◆ **YOUR INSTRUCTIONS**
Transcribe each record word for word. Skip the images.

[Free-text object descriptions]
= Beginning of Section =

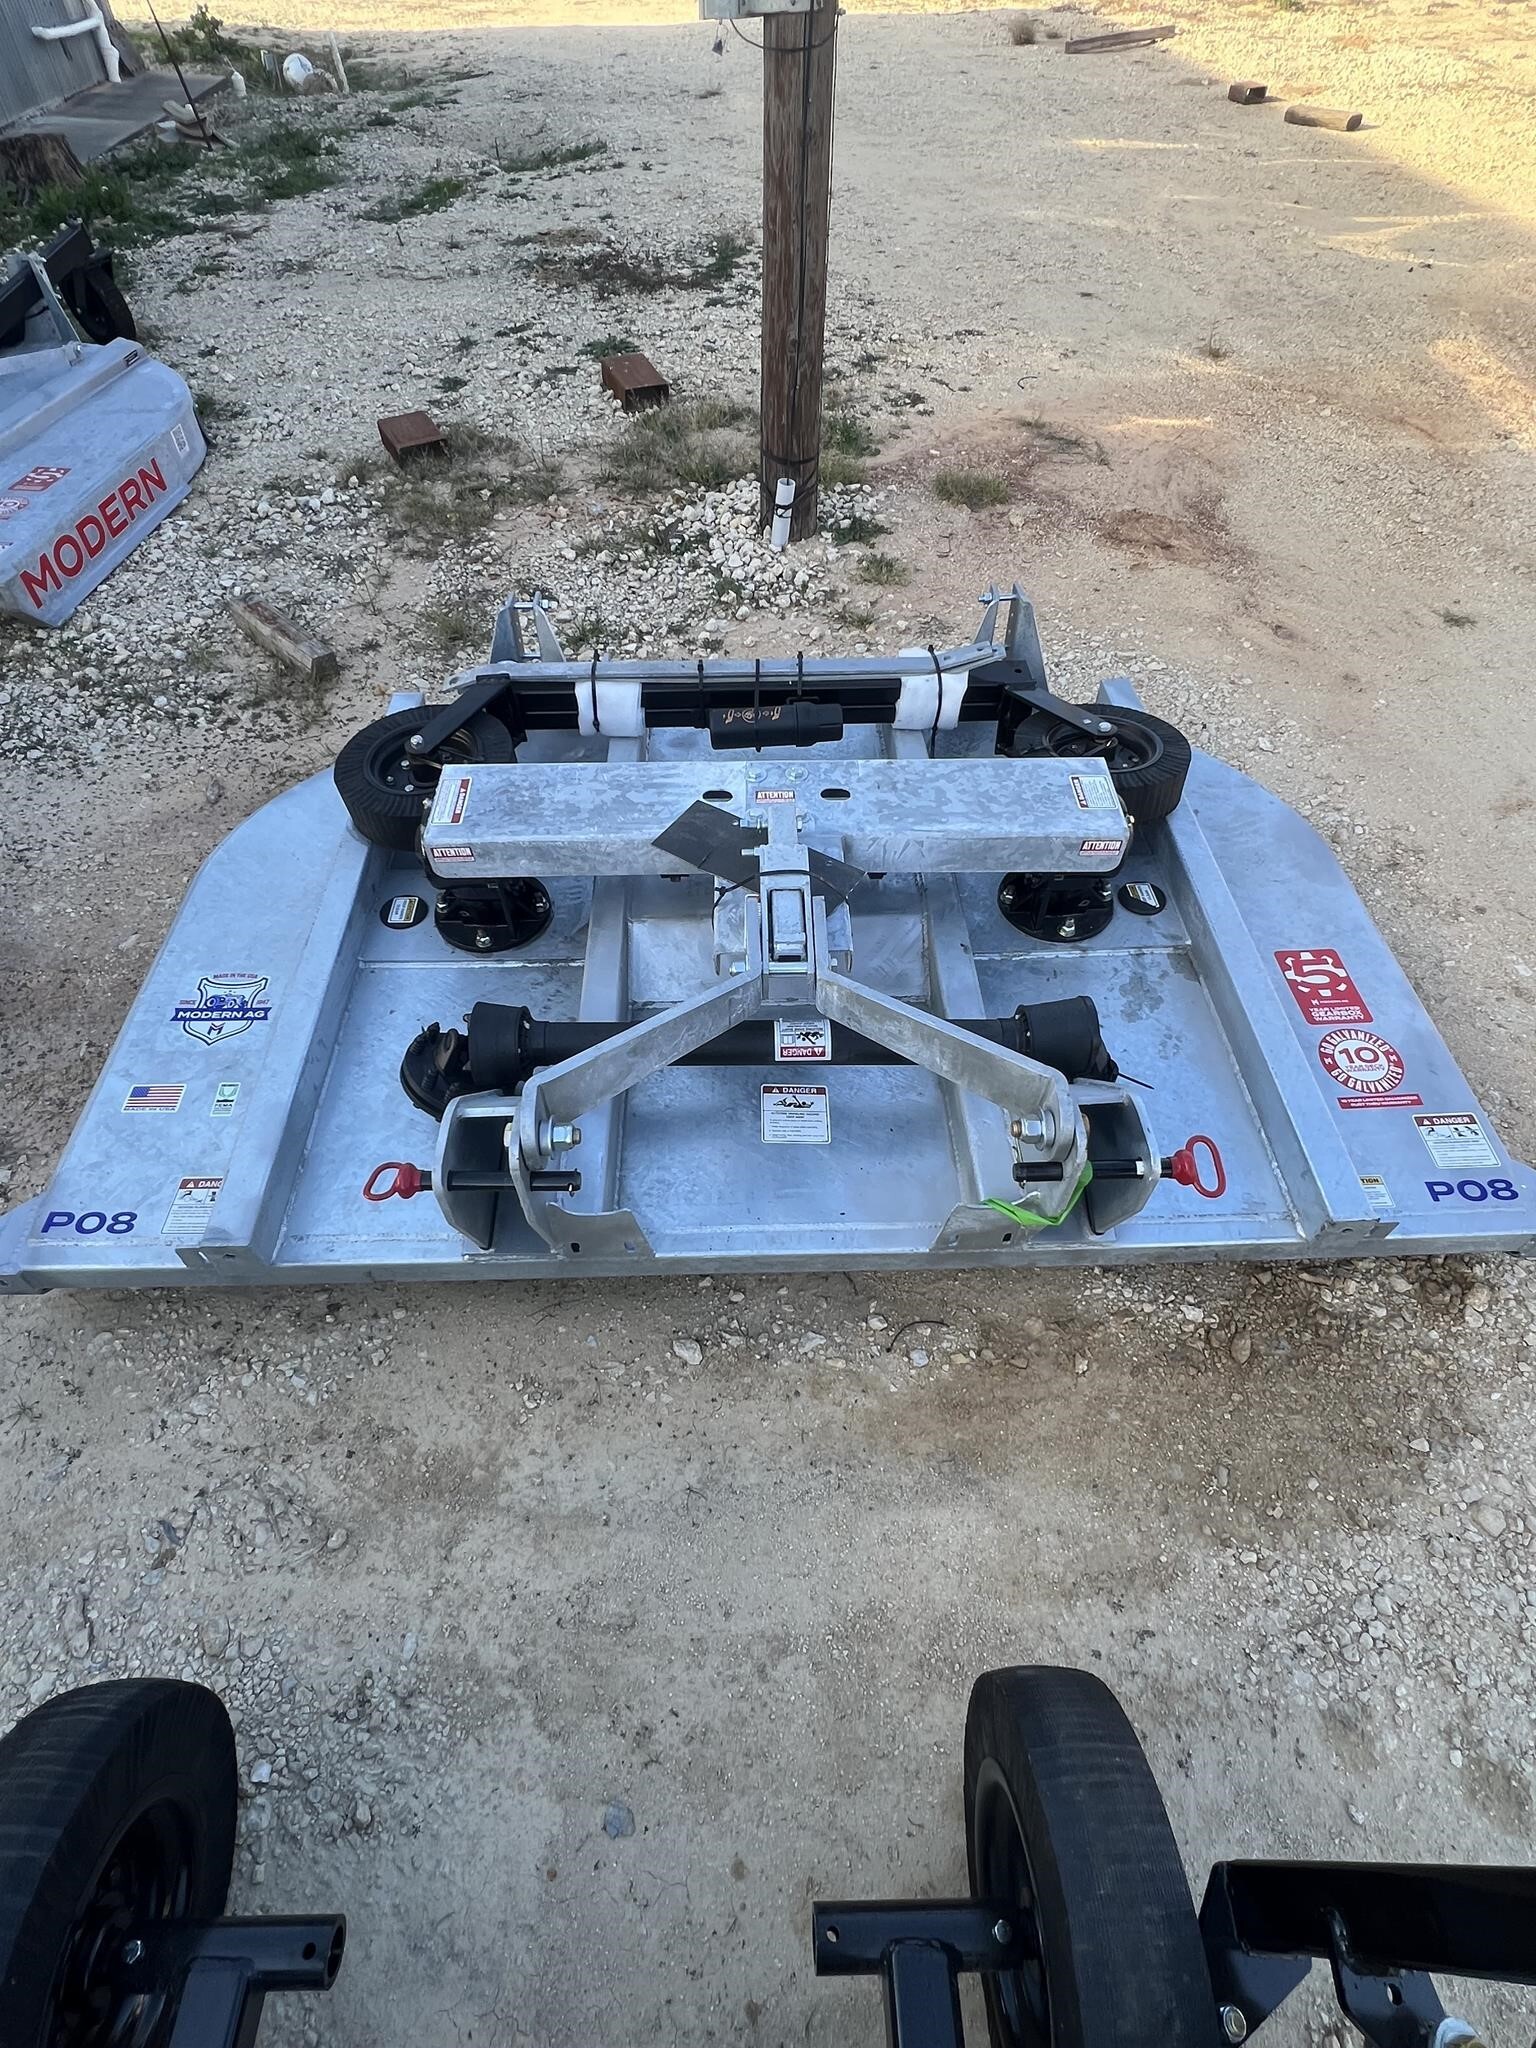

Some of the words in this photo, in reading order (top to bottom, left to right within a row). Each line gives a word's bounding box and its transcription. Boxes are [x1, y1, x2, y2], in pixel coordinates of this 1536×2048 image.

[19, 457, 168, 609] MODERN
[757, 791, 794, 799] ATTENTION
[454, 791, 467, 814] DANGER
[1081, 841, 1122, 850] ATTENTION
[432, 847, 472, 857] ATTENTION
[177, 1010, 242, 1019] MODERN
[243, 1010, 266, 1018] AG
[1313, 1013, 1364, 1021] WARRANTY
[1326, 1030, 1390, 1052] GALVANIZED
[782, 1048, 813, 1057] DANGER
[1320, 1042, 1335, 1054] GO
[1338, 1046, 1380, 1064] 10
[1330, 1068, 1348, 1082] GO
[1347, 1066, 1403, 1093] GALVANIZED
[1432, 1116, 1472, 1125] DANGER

= End of Section =

◆ **ANSWER SPACE**
Some of the words in this photo, in reading order (top to bottom, left to right within a row). Each line gives a word's bounding box and its transcription. Boxes are [x1, y1, x2, y2], in pixel coordinates of this 1536×2048 image.

[19, 457, 168, 609] MODERN
[757, 791, 794, 799] ATTENTION
[454, 791, 467, 814] DANGER
[1081, 841, 1122, 850] ATTENTION
[432, 847, 472, 857] ATTENTION
[177, 1010, 242, 1019] MODERN
[243, 1010, 266, 1018] AG
[1313, 1013, 1364, 1021] WARRANTY
[1326, 1030, 1390, 1052] GALVANIZED
[782, 1048, 813, 1057] DANGER
[1320, 1042, 1335, 1054] GO
[1338, 1046, 1380, 1064] 10
[1330, 1068, 1348, 1082] GO
[1347, 1066, 1403, 1093] GALVANIZED
[1432, 1116, 1472, 1125] DANGER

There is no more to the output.